--- DATA UNDER STUDY ---

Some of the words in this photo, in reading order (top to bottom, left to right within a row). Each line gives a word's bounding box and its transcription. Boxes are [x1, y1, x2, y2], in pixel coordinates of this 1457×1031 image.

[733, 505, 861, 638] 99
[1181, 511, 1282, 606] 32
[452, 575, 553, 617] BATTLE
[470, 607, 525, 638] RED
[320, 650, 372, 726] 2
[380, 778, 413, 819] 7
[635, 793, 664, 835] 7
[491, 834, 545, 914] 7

--- YOUR OBJECTIVE ---
The listing above should be printed again in full, unchanged.

--- OUTPUT FOR THIS EXERCISE ---
Some of the words in this photo, in reading order (top to bottom, left to right within a row). Each line gives a word's bounding box and its transcription. Boxes are [x1, y1, x2, y2], in pixel coordinates of this 1457×1031 image.

[733, 505, 861, 638] 99
[1181, 511, 1282, 606] 32
[452, 575, 553, 617] BATTLE
[470, 607, 525, 638] RED
[320, 650, 372, 726] 2
[380, 778, 413, 819] 7
[635, 793, 664, 835] 7
[491, 834, 545, 914] 7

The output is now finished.